Hell, you could even take a shower by yourself.
What a concept.”

Each time I declined,
opened the door, got out of the car,
waited for him to drive off,
than sauntered into the bushes,
until I found my sleeping bag
and retreated into sleep.

I hated the city,
It bore down on me like a living beast;
it’s breath rotten and stagnant,
decomposing in it’s own fecal matter.
It’s roar’n’screams were relentless.
I don’t belong in the city;
I needed trees, mountains, and the stars
not telephone poles, street lights and high rises.

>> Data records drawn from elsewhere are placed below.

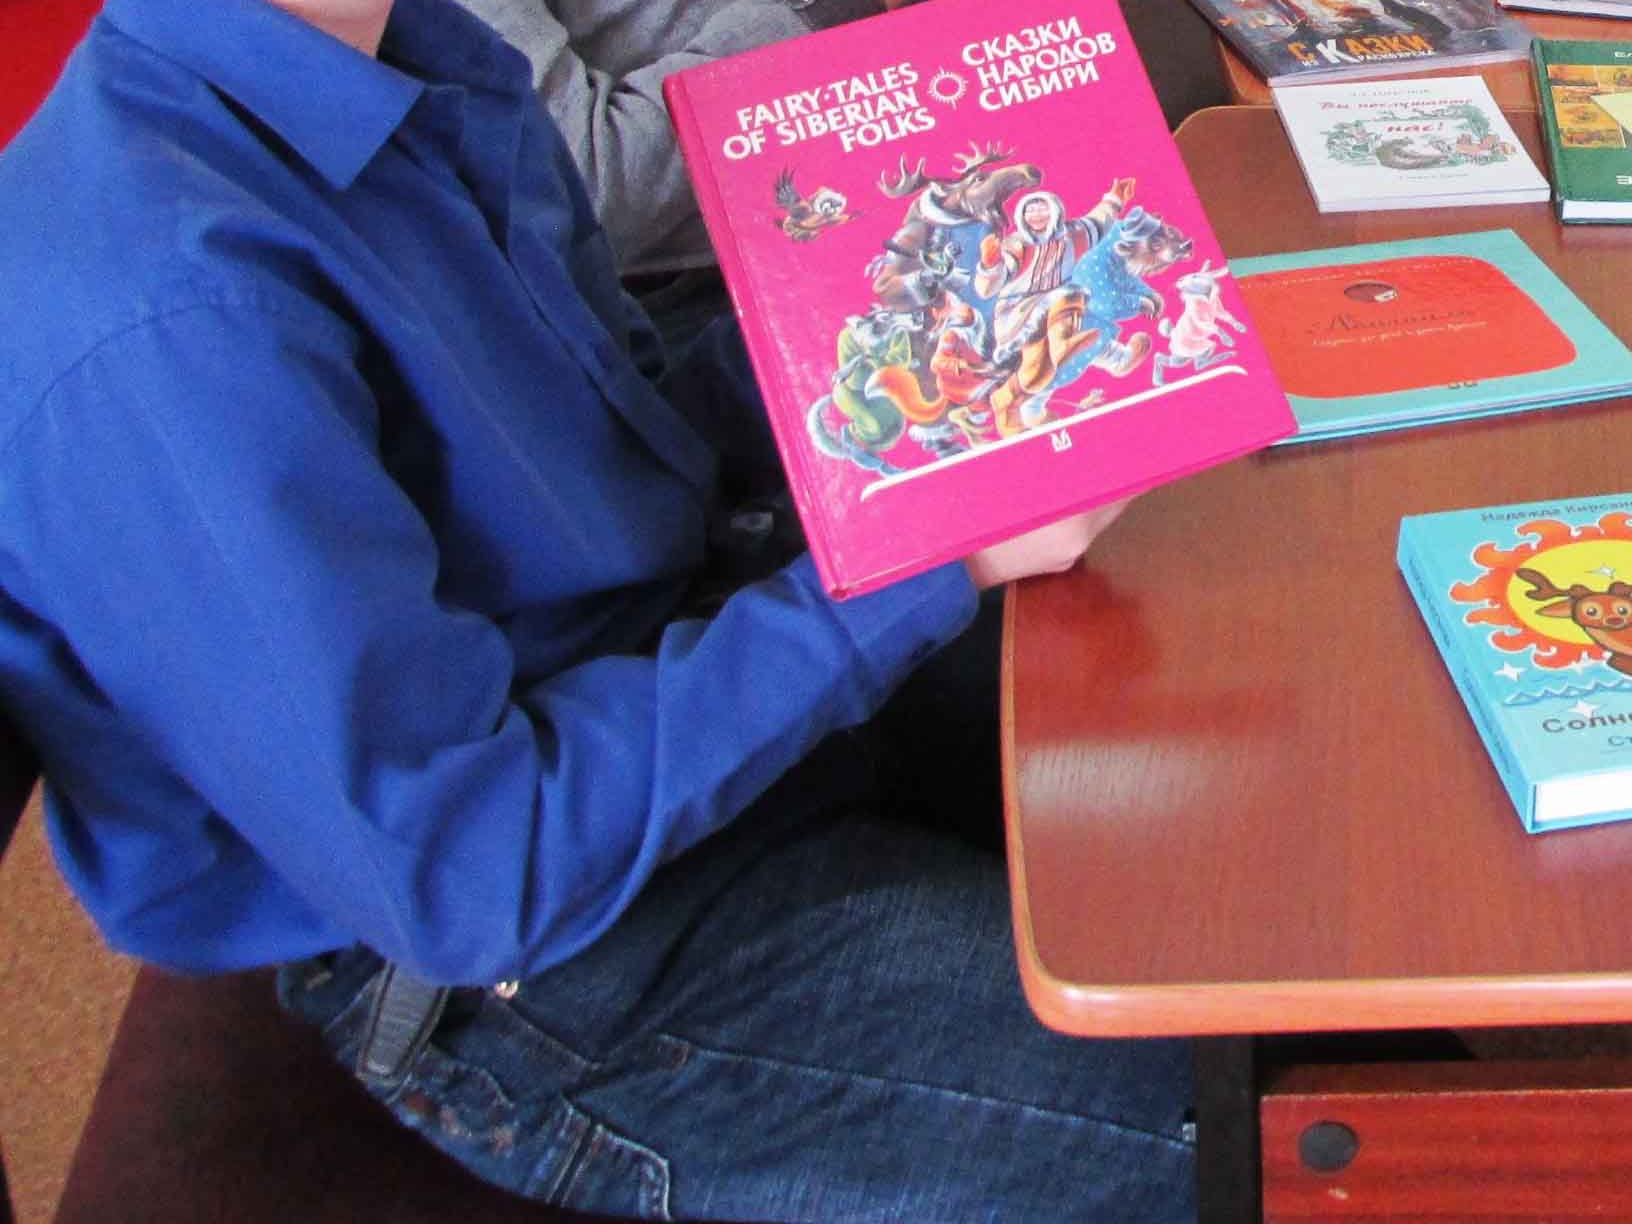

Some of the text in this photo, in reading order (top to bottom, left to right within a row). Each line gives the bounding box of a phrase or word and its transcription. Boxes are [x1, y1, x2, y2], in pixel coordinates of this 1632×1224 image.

[962, 16, 1083, 66] СКАЗКИ
[977, 32, 1117, 89] НАРОДОВ
[1287, 33, 1434, 64] СКАЗКИ
[979, 60, 1100, 111] СИБИРИ
[722, 87, 920, 160] OF SIBERIAN
[840, 107, 936, 153] FOLKS
[1480, 507, 1561, 522] Надежда
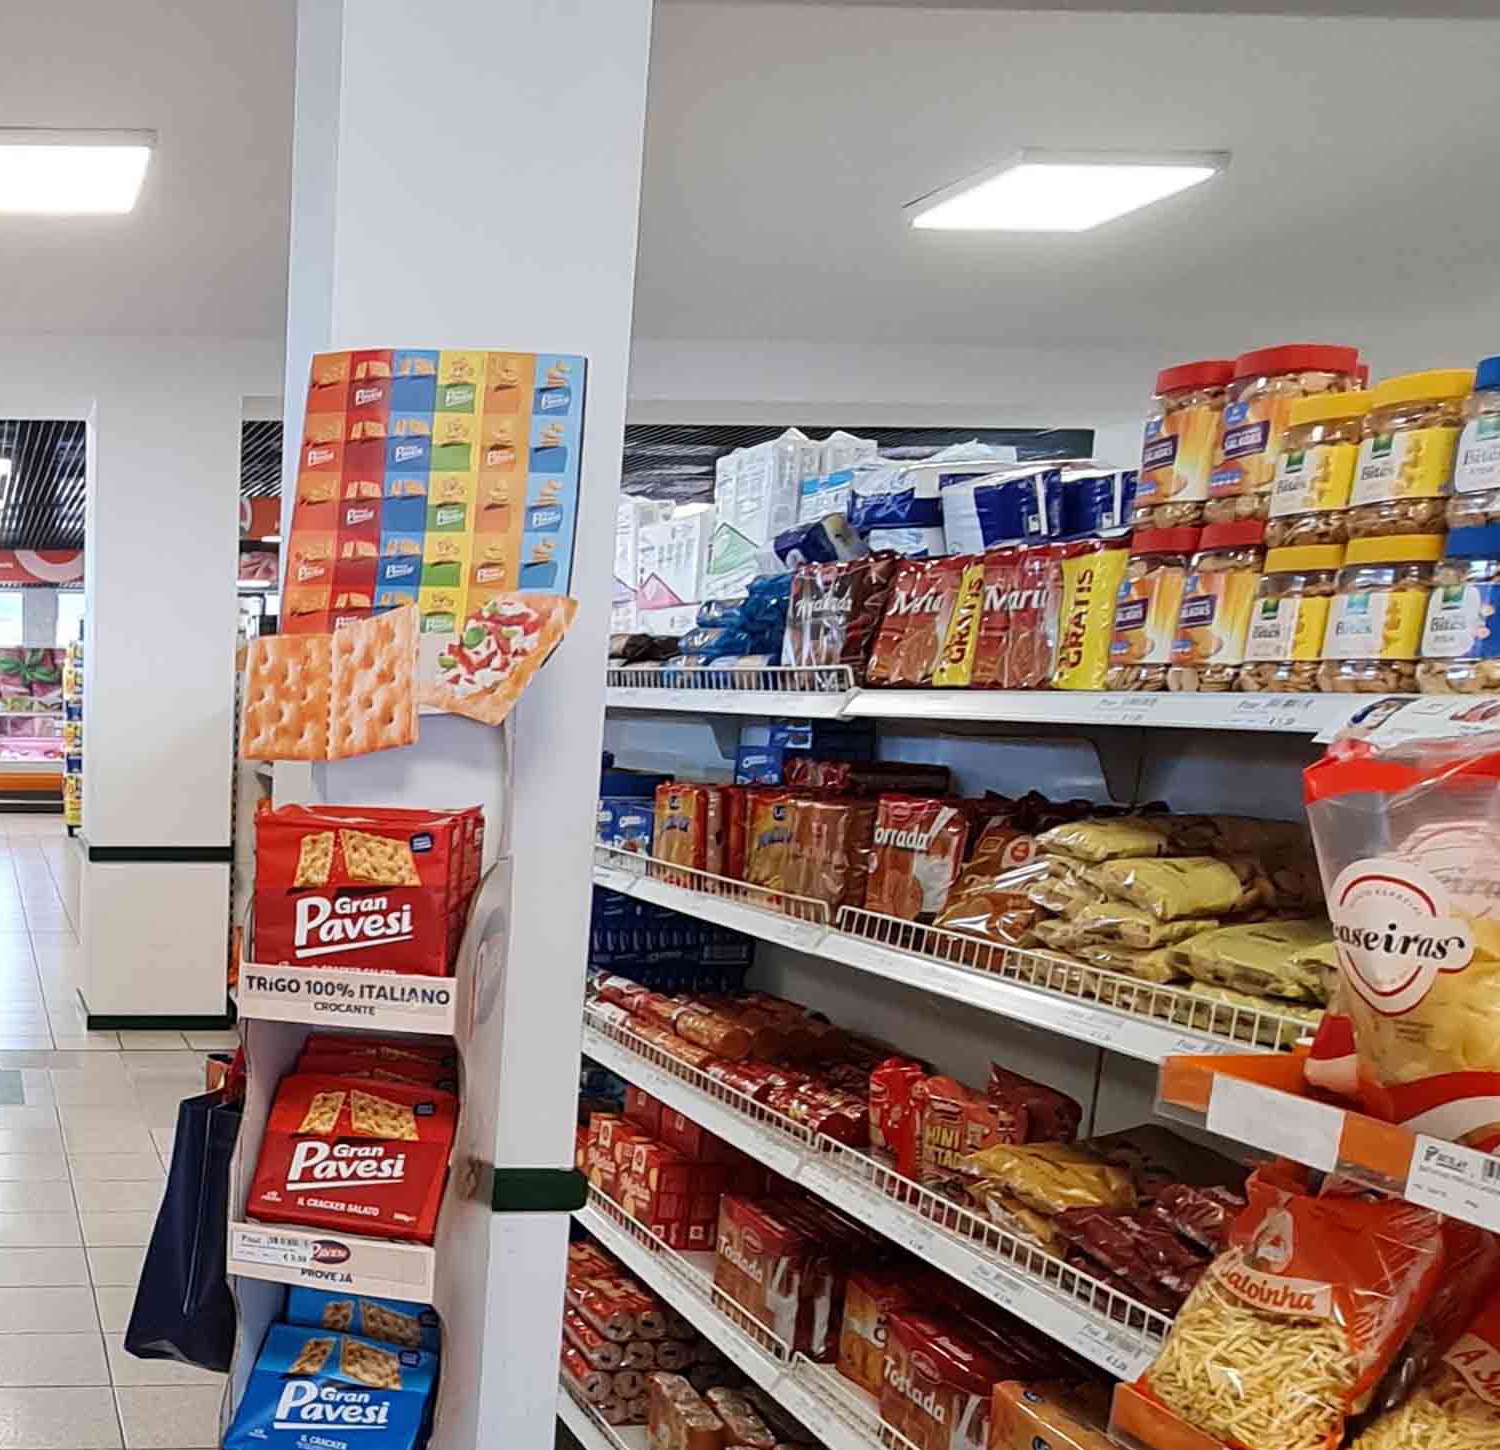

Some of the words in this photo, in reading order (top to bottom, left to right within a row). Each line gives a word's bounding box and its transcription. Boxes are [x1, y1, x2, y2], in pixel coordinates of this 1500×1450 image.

[1067, 568, 1094, 667] GRATIS
[874, 821, 932, 851] orrada
[294, 896, 414, 948] Pavesi
[334, 896, 388, 914] Gran
[305, 980, 355, 998] 100%
[359, 984, 451, 1006] ITALIANO
[313, 1001, 376, 1016] CROCANTE
[287, 1140, 406, 1181] Pavesi
[332, 1143, 385, 1158] Gran
[718, 1236, 765, 1284] Tostada
[1220, 1271, 1316, 1310] aloinha
[275, 1380, 391, 1425] Pavesi
[320, 1386, 371, 1403] Gran
[883, 1357, 946, 1424] Tostada
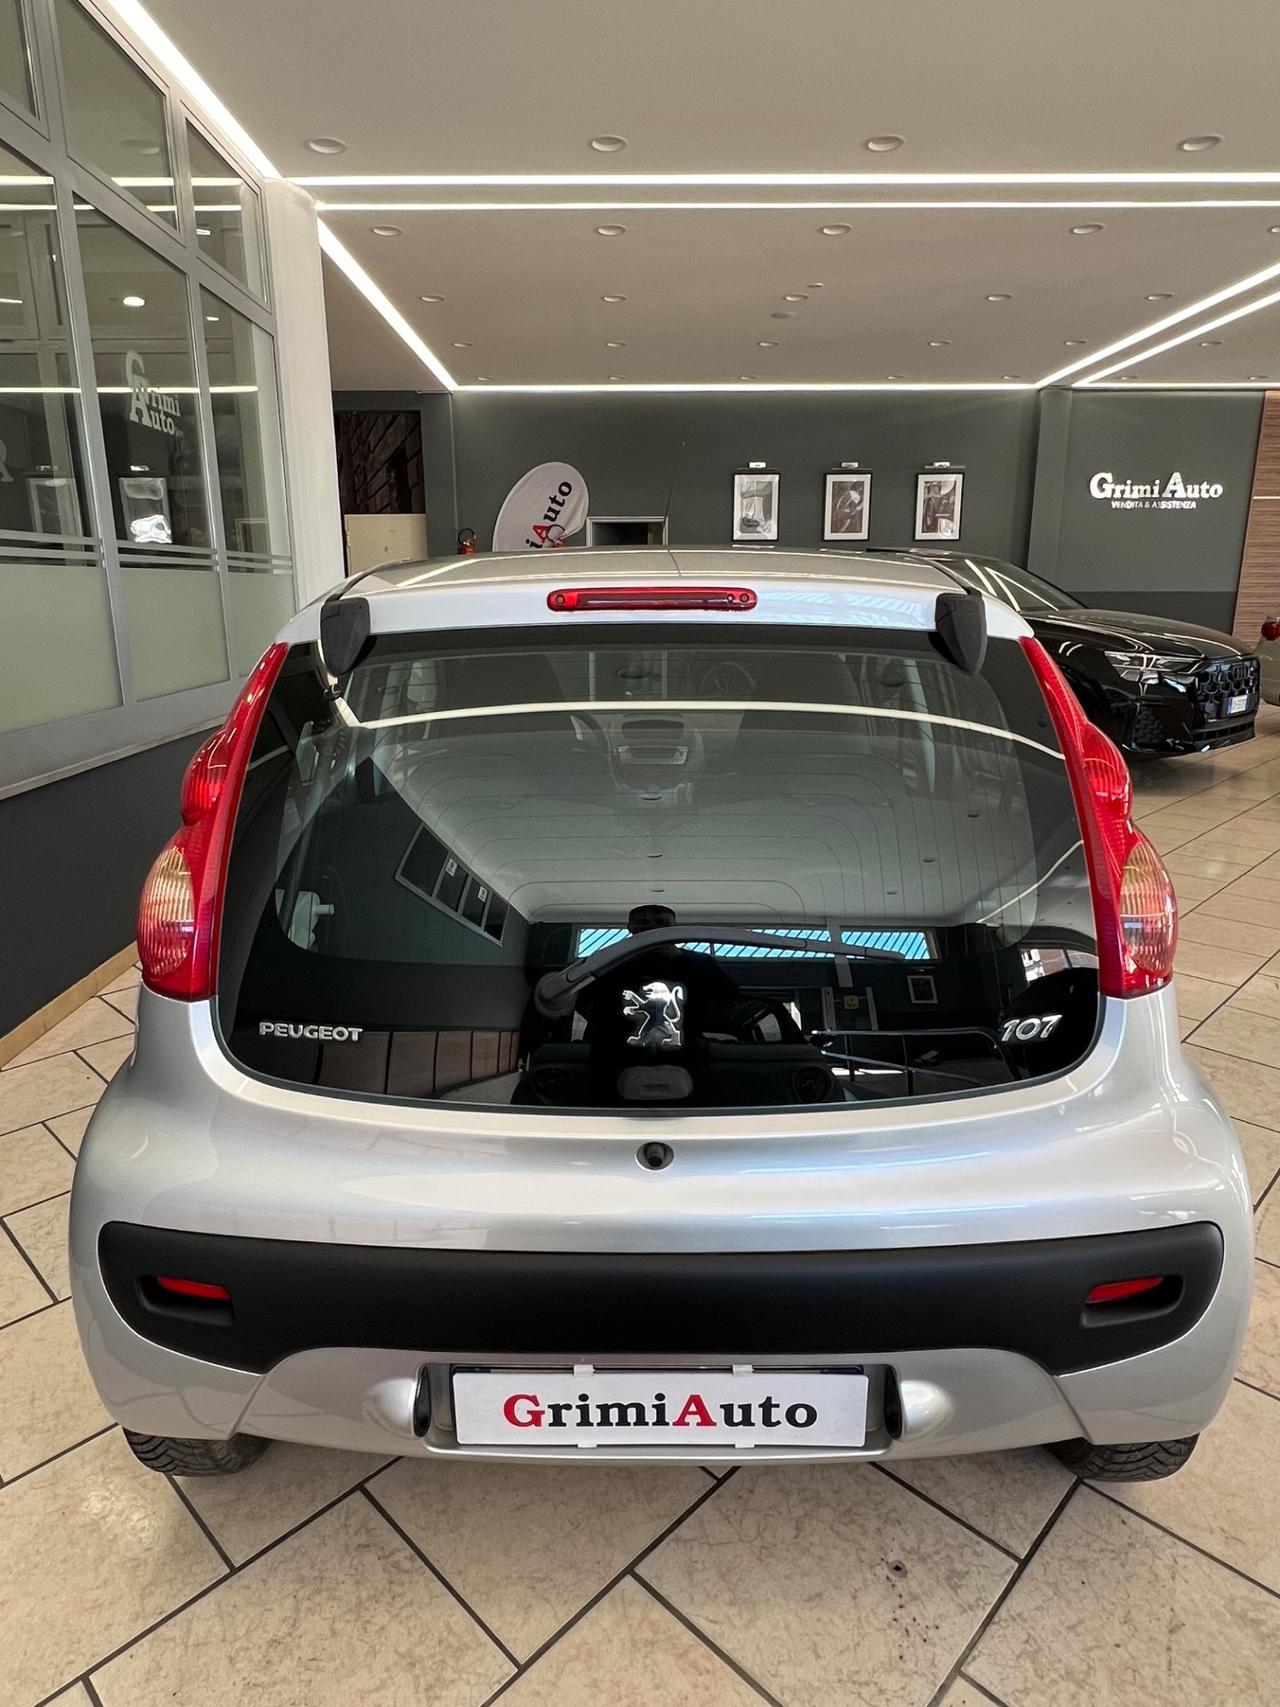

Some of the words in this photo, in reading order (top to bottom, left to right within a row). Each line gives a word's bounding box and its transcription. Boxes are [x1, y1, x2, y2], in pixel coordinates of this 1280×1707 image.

[130, 375, 175, 435] Auto
[1089, 472, 1160, 499] Grimi
[1162, 471, 1224, 499] Auto
[1111, 500, 1143, 509] VENDITA
[1151, 500, 1197, 509] ASSISTENZA
[259, 1022, 363, 1042] PEUGEOT
[1001, 1014, 1063, 1042] 107
[503, 1393, 818, 1428] GrimiAuto
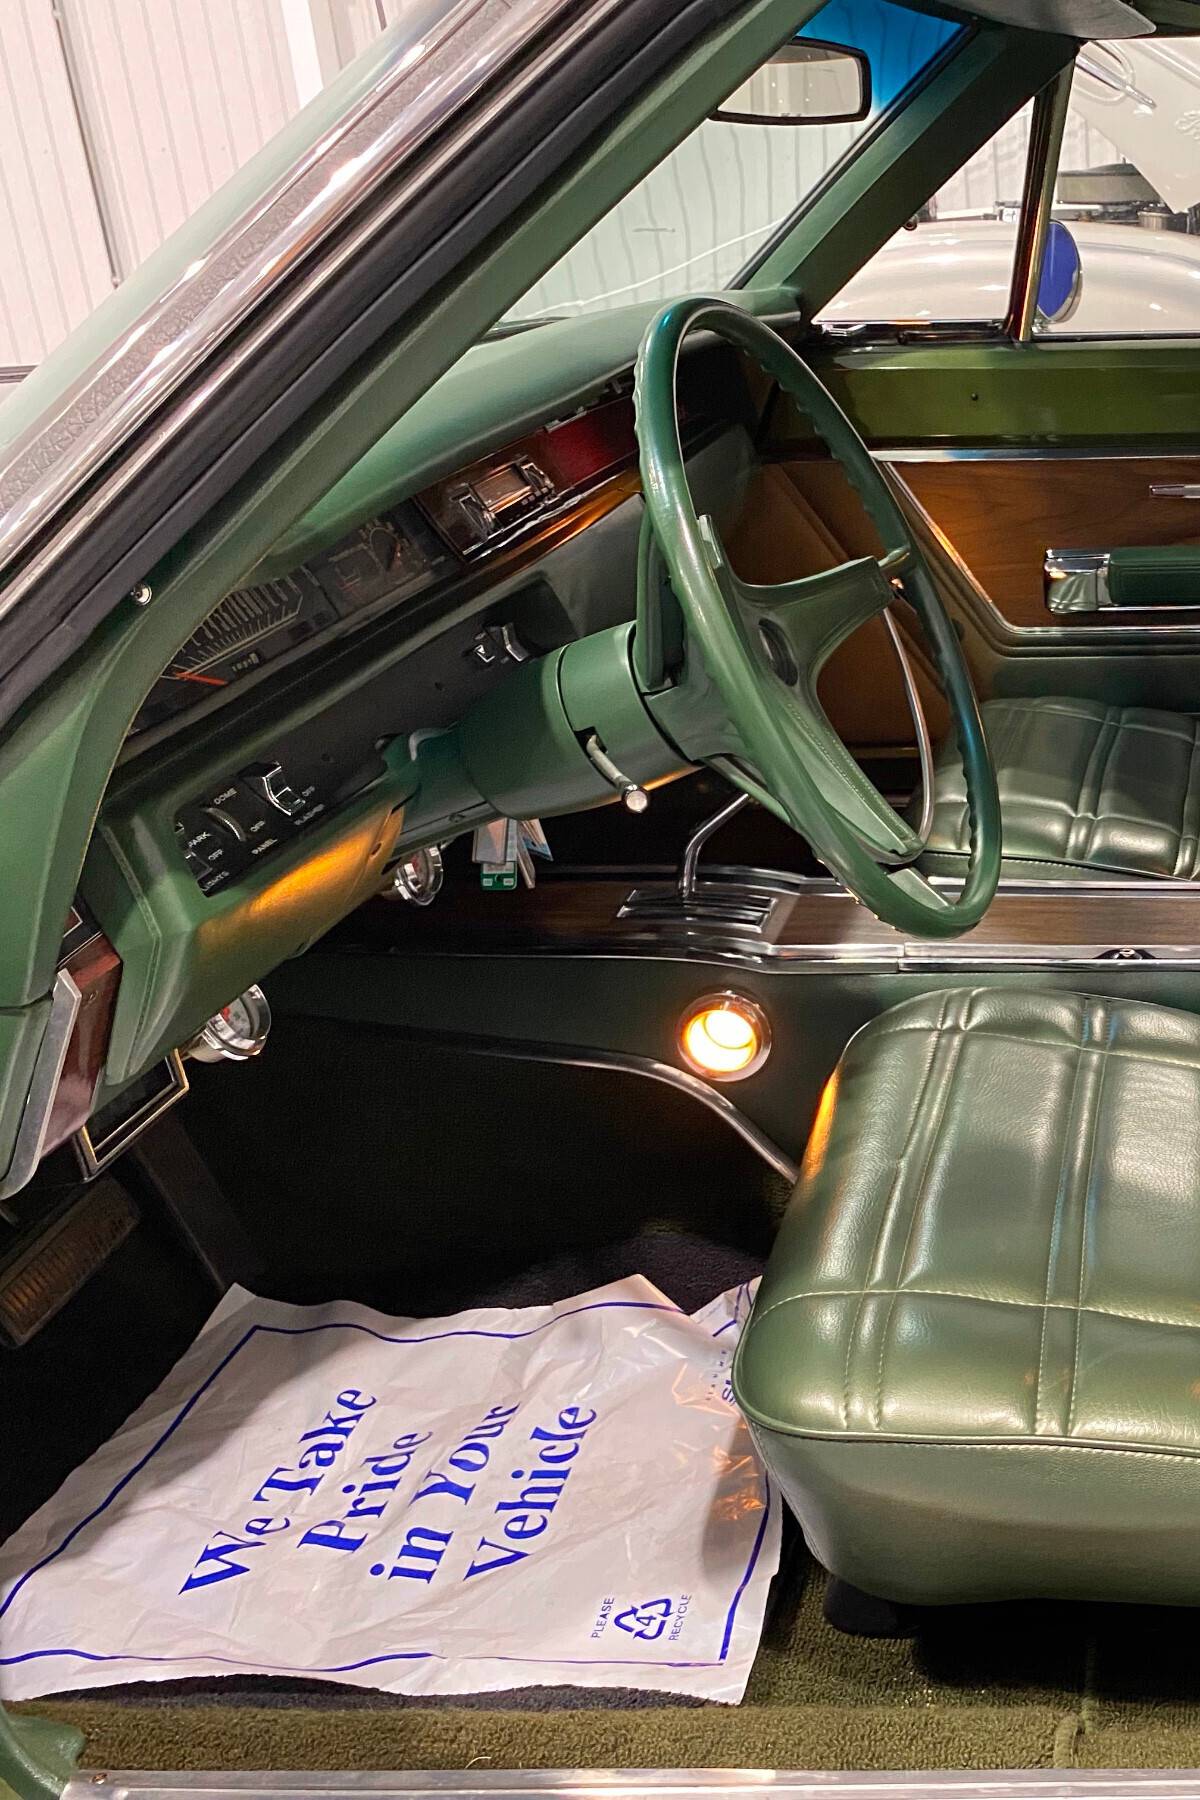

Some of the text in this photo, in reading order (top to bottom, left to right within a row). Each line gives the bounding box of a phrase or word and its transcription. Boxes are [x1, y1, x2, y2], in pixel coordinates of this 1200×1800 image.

His offer was always tempting.
It was like a huntress
trying to coerce me into her arms,
“Be weary of a white-man’s gifts,”
my father once lectured me.
“It only means they’re after something.”

Each time
I escaped into sleep,
scared and dead quiet,
pleading with my father
wherever he might be,
this man was different,
this brother warrior,
he’d walked a different path than the others.
Albeit,
my father was not here to guide me;
he had chosen a road called whiskey
and left without me.
And my mother, neither was she here.
She, my loving mother,
who had broken the rules of being a society girl
by marring a red skin at her own advice,
certainly not her father’s.
As much as I’d hate to admit.
My grandfather was right,
my father couldn’t conform
to the Euro/Roman way.
It didn’t mean he was uncivilized;
he was taught to live by different laws
and talks to god in different ways.
He attempted to defeat the dark side
by joining with it,
only to be succumbed by it,
making me an exile,
teacherless in a vile world.
I could never forgive him for that.

Everything I’ve learned
has been learned the hard way,
by my own mistakes, anguish,
bile and by all the books I’ve read.
So I allowed that mountain of a man,
called Sarge into my life,
he became my friend and teacher.
And father he helped me
not follow in your path.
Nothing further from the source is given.